Germany has flipped the switch on a mothballed coal power unit as authorities opt to rely on a more polluting fuel in the run-up to colder weather. The decision, confirmed by Bloomberg, marks a notable shift in energy management as the heating season approaches and the grid braces for higher demand. Block F of the facility resumed operations on October 15 after nearly five years of dormancy, with officials explaining that bringing the unit back online helps stabilize the electricity network and reduce the risk of outages for homes and businesses alike.
The move is framed as a hedge against tighter energy supplies. By increasing coal usage, authorities hope to conserve natural gas for essential services and cushion the system against potential shortfalls during the winter months. In recent months, gas markets have faced volatility, and utilities have been weighing the trade-offs between fuel types to keep electricity prices and reliability steadier for consumers.
Industry forecasts have underscored a challenging energy landscape for Europe, with the International Energy Agency predicting persistently higher gas prices into the next year. The agency’s outlook has suggested gas prices could average around 450 dollars per thousand cubic meters, a level that keeps gas relatively expensive in the near term for households and businesses across the United States and Canada as well as Europe.
The outlook also hinges on supply developments beyond traditional pipelines.

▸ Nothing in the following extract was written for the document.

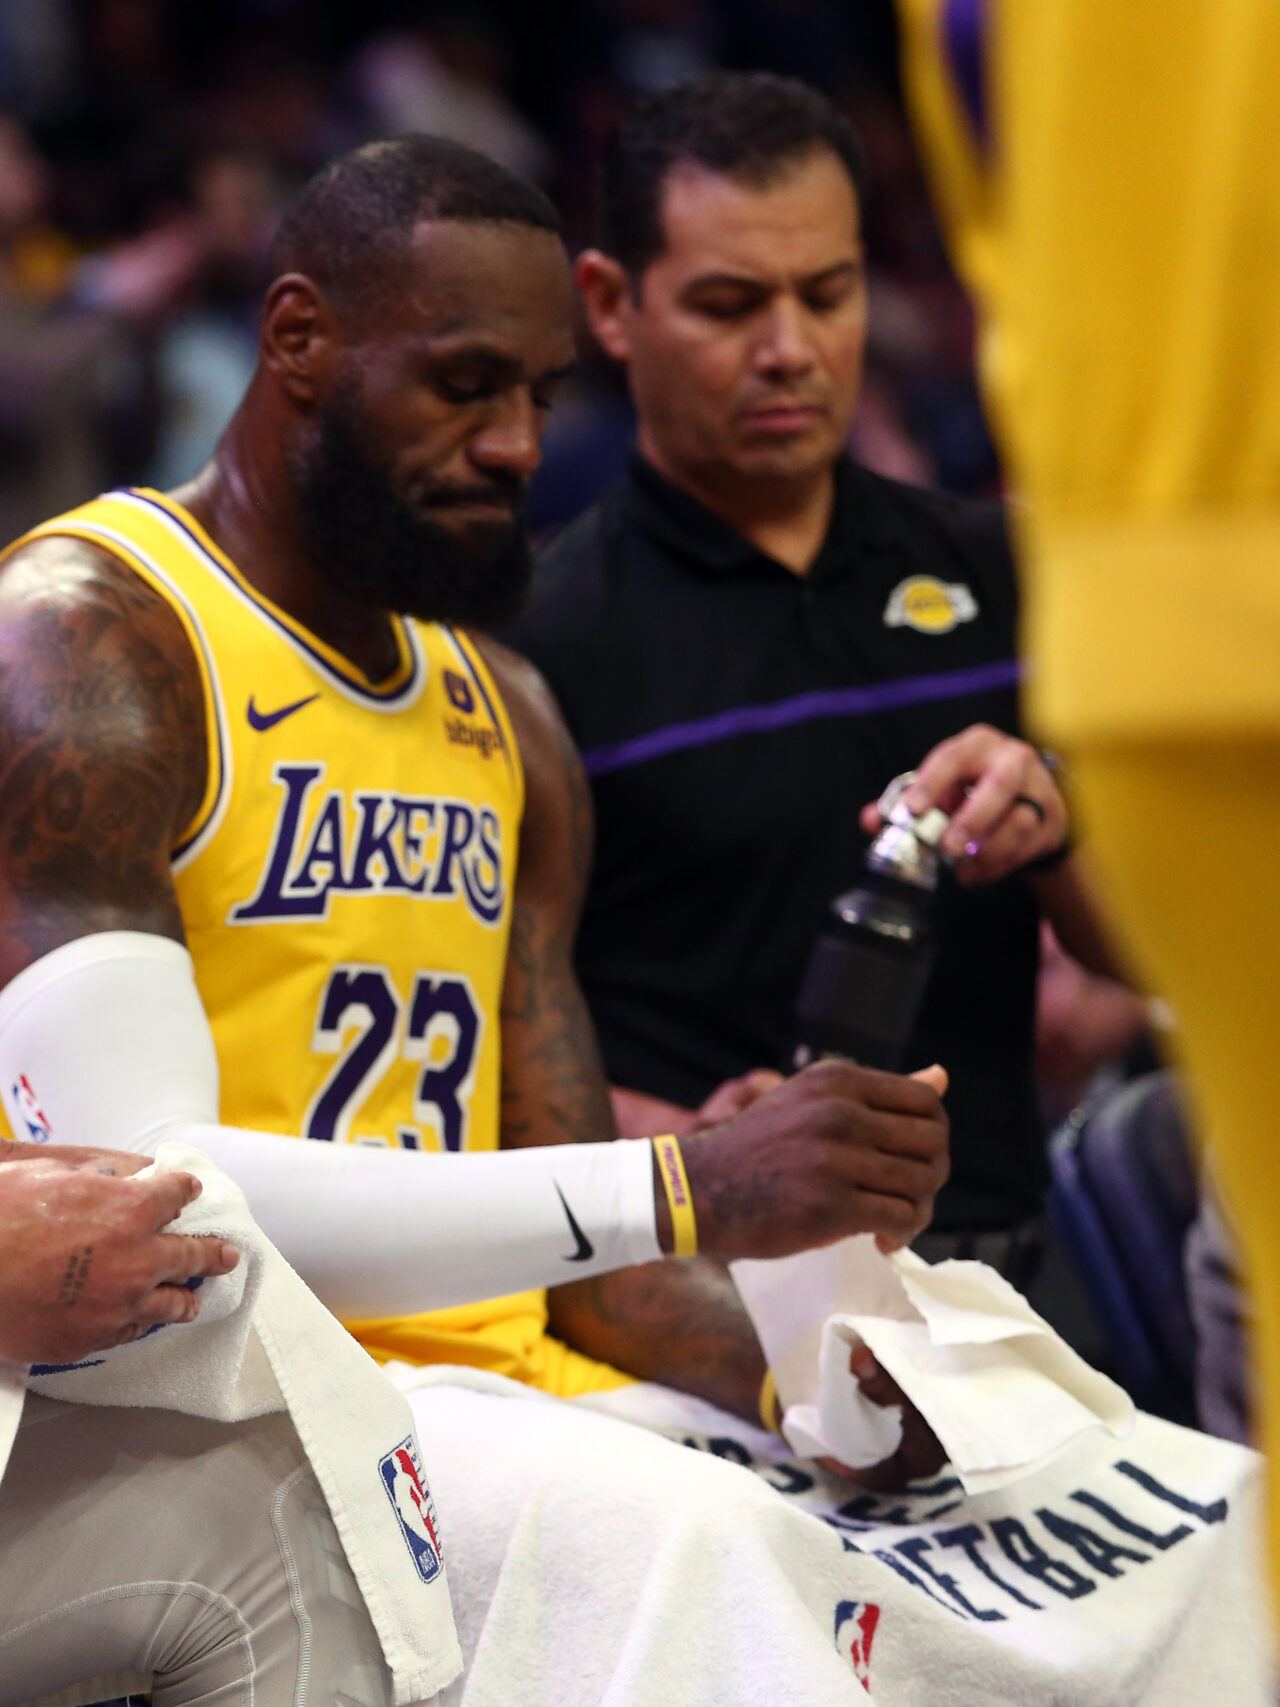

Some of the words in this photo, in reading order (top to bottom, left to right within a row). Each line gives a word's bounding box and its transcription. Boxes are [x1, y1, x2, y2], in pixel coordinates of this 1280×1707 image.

New liquefied natural gas terminals were slated to come online in 2025 and 2026, a development the market participants hoped would ease price pressure by providing alternative import routes. Analysts anticipated that LNG capacity additions could bring prices down toward the lower 400s per thousand cubic meters in the longer run, though the current environment remained well above pre-2021 averages. In mid-October, European spot prices surged past 600 dollars per thousand cubic meters, driven by concerns about LNG supply disruptions in the Asia-Pacific region and reduced wind generation across Europe.
Observers continue to question how long oil will retain its role as the world’s dominant energy source and how the global energy mix will re-balance as markets adjust to shifting supplies and evolving policy landscapes. The discussion extends beyond Europe, drawing attention from North American energy planners who watch international fuel dynamics to gauge how Canada and the United States might adapt infrastructure, pricing, and demand forecasts in the years ahead. The overarching concern remains how to balance reliability with affordability while pursuing climate and energy security goals in a volatile global market.